H. THOMAS CADELL, Of Counsel

                                             May 21, 2003

Ronald J. Klepetar
Jenkins & Gilchrist, LLP
12100 Wilshire Blvd., 15th Floor
Los Angeles, CA 90025

   Re:        Labor Code § 233 (301)

Dear Mr. Klepetar:

 Anne Stevason, Chief Counsel of the Division, has asked me to

respond on behalf of the Division of Labor Standards Enforcement to
your letter of March 6, 2003, seeking the Division's position on
the following questions:

 Whether PTO constitutes sick leave for purposes of the Kin
 Care¹ entitlement statute and, if so, can an employer maintain
 an attendance policy regarding unscheduled absences?
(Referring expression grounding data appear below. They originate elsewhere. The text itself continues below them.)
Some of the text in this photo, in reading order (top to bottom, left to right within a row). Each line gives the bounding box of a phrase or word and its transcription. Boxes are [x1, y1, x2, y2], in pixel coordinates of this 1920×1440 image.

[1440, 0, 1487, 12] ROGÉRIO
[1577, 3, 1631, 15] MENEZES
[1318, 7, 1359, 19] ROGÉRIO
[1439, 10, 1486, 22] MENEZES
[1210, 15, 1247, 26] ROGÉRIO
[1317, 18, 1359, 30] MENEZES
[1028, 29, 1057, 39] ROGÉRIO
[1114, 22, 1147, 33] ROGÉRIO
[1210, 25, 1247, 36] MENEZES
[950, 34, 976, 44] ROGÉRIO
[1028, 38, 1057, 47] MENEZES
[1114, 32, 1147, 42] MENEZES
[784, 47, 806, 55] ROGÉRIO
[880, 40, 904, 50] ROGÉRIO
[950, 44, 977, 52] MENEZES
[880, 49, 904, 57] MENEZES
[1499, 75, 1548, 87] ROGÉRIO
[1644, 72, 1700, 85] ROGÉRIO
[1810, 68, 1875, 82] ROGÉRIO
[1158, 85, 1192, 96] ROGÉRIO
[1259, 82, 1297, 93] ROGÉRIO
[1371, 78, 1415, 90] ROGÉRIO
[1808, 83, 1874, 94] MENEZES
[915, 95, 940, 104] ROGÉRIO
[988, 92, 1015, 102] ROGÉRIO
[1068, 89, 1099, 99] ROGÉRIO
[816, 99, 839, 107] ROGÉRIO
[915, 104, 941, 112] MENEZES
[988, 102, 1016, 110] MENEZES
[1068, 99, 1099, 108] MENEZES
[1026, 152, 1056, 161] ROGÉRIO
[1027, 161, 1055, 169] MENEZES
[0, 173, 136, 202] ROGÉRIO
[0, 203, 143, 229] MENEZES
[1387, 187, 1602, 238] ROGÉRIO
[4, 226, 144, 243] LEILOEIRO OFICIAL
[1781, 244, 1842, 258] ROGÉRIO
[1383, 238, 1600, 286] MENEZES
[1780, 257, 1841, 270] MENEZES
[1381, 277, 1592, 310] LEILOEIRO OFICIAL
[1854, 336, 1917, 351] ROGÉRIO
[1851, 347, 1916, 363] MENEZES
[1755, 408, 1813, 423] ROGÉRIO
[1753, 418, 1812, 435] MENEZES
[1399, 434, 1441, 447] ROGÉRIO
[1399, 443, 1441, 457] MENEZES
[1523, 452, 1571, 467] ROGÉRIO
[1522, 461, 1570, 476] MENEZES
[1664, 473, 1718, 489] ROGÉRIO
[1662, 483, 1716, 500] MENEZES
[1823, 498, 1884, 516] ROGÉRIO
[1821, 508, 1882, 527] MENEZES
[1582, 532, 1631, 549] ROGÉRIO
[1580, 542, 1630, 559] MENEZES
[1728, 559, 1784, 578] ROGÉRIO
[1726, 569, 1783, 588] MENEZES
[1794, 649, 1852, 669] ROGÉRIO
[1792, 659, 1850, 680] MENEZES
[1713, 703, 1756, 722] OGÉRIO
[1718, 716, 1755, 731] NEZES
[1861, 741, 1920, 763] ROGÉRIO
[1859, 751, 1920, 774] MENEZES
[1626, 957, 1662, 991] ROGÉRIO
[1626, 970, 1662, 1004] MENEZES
 In your letter you state that the PTO policy in question

allows employees a certain number of PTO days of each year based on
longevity. No distinction is made between vacation, sick time, or
just wanting a day off and no explanation or reason is required.

 As you may know, the DLSE has historically taken the position

that a policy by which an employee accumulates time which may be
taken off and which time is not conditioned upon the happening of
an event or chain of events is subject to the provisions of Labor
Code § 227.3. (See O.L. 1986.10.28, 1986.11.04, 1987.01.14-1,
1992.04.27) As the DLSE Enforcement Policies And Interpretation
Manual² explains more fully at Section 15.1.12, et seq., any
employer policy which provides such time off may not be subject to
divestment. The rationale for this enforcement approach is that it
avoids subterfuge and provides equity and fairness. An employer

¹ For purposes of this letter, we assume you refer to Labor Code § 233 which
requires employers to offer sick leave to employees to care for family members.
² Online at http://www.dir.ca.gov/dlse/DLSE_OpinionLetters.htm

policy which, on the other hand, provides for time off when
specifically taken in conjunction with some event or chain of
events (i.e., sickness, specified holidays, birthday, etc.) is not
subject to the strictures of Labor Code § 227.3.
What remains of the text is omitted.